The American Psychological Association defines school refusal, also known as school avoidance or school phobia as persistent reluctance to go to school, which usually occurs during the primary school years and is often a symptom of an educational, social, or emotional problem. The American Academy of Child & Adolescent Psychiatry discusses that school refusal could happen at any age, however, it is most likely shown in children ages 5 – 7 and 11 – 14. During these ages are when children are entering elementary school and middle school.  

When Would My Child Refuse School?

The American Academy of Child & Adolescent Psychiatry found that children typically will refuse to go to school after a period of time when becoming close or closer to their parents. For example, it is more common for children to refuse school after summer break, holiday break, long weekend, or overcoming a brief illness. Additionally, the refusal to attend school could come after a stressful event such as death of a family member or family pet, changing schools, or even moving.

Knowing the Physical Symptoms of School Refusal

The American Academy of Child & Adolescent Psychiatry identified various symptoms a child may complain of prior to having to go to school. Children may complain of headaches, sore throats, and stomach aches. 
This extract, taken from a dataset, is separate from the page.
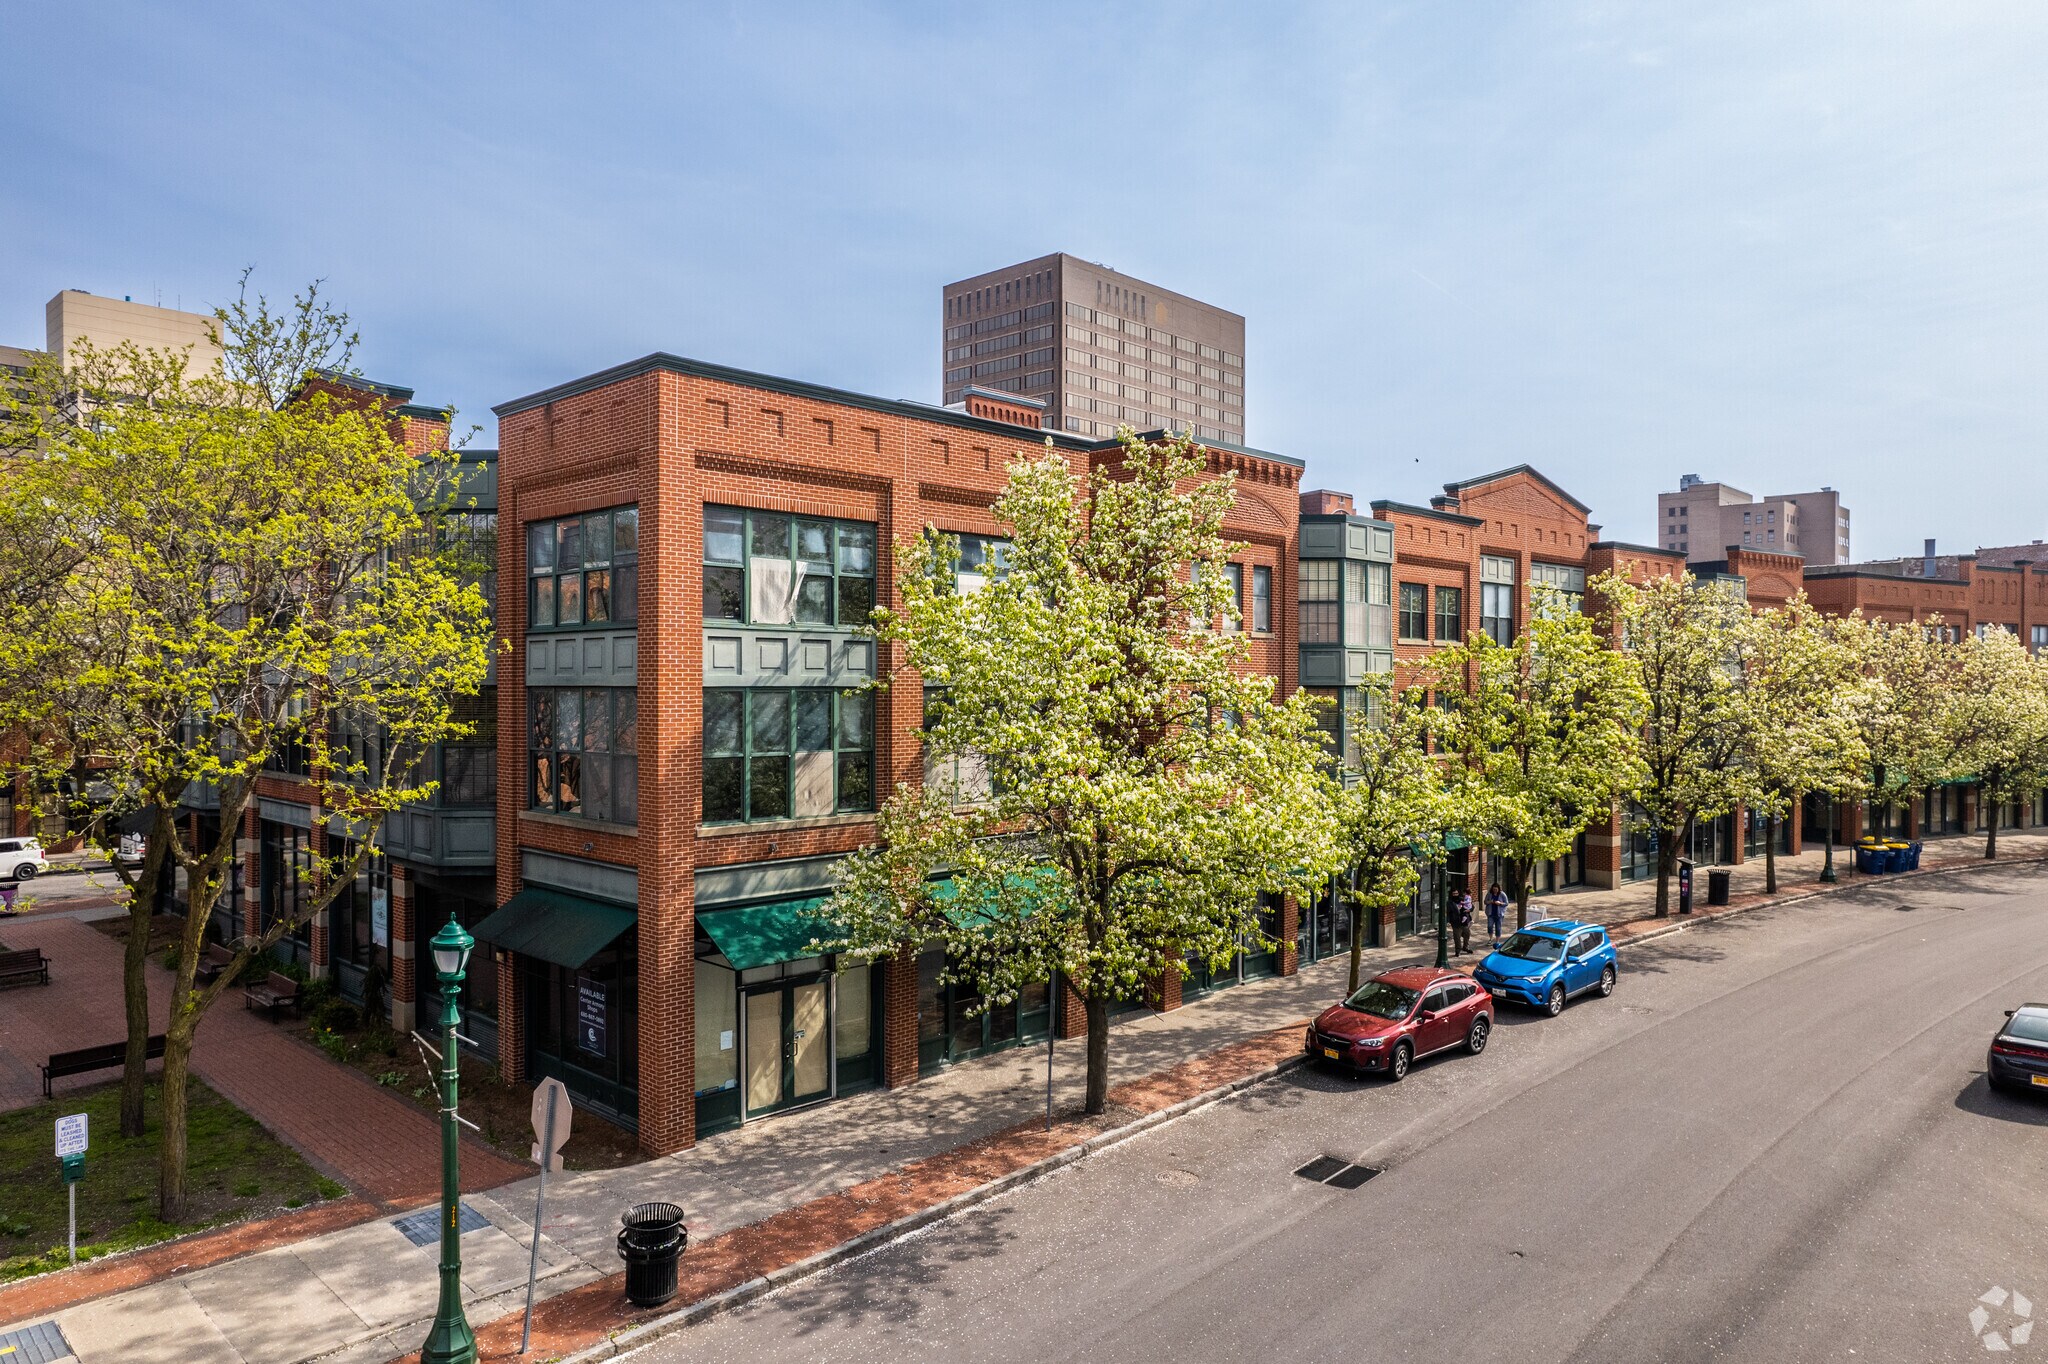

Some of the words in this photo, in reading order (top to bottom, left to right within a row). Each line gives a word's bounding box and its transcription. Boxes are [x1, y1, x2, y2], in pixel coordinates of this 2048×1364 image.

So I Let My Child Stay Home – Now What?

Your child complains of one of the conditions mentioned above and you agree to let your child stay home. Do you ever notice that after letting your child stay home the physical symptoms magically go away? The American Academy of Child & Adolescent Psychiatry identified that after the child is able to stay home the physical symptoms disappear but only for them to return the next day before going to school.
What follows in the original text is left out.